A collage of poor housing conditions shows a variety of substandard living situations in San Luis Obispo, including garbage piled up in a yard, overloaded electrical sockets, an illegal garage conversion and a unit powered by a single electrical wire strung through the doorknob. City of San Luis Obispo

WHAT WENT WRONG WITH THE INSPECTION PROGRAM?

Despite being winning the support of some students and groups like Residents for Quality Neighborhoods, the inspection program caused an uproar in San Luis Obispo, where 62% of residents are renters — 63% of whom are cost-burdened, meaning they spend 30% or more of their income on housing, according to Census data.

Landlords were unhappy about having to pay inspection fees and feared being forced to make expensive fixes to their properties.

“This is a massive government overreach and a Fourth Amendment violation,” said David Baldwin, a San Luis Obispo rental property owner, at a 2016 meeting, according to a previous Tribune story. “You have personally raised rents for tenants in the city. If you reverse this decision, you will lower rents for tenants.”

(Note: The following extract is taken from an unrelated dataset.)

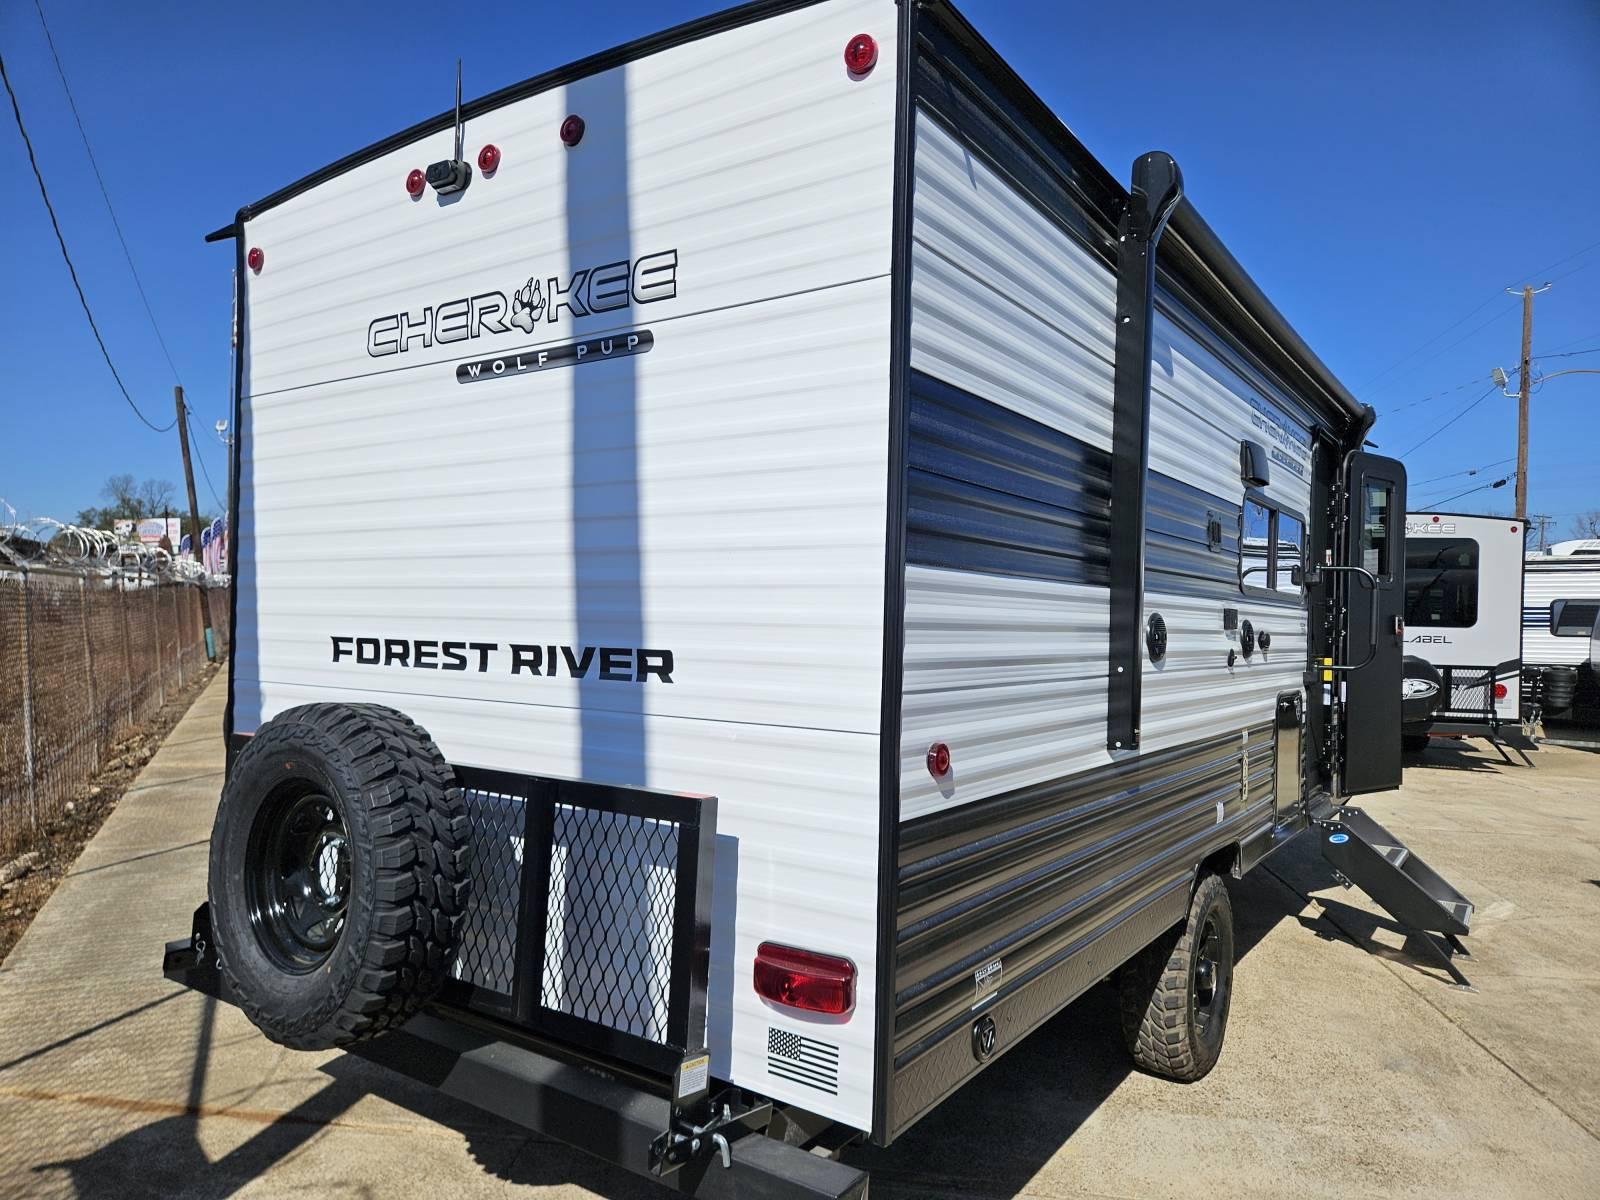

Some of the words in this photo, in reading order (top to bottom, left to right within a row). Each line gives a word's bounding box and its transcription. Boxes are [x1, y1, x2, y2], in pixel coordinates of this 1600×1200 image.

Tenants worried about losing their housing or having to pay higher rents if the program’s costs were passed on to them. They also feared they could be displaced if inspectors found significant violations or their landlords decided to take their units off the market rather than deal with inspections.

“That is the last thing anyone wants to do,” City Clerk Teresa Purrington, who was the city’s code enforcement supervisor in 2016, said of renter displacement at a council meeting that year. “We are prepared to work with the property owners to allow tenants to stay in their properties while repairs are being made as long as there are no immediate life safety issues in that unit.”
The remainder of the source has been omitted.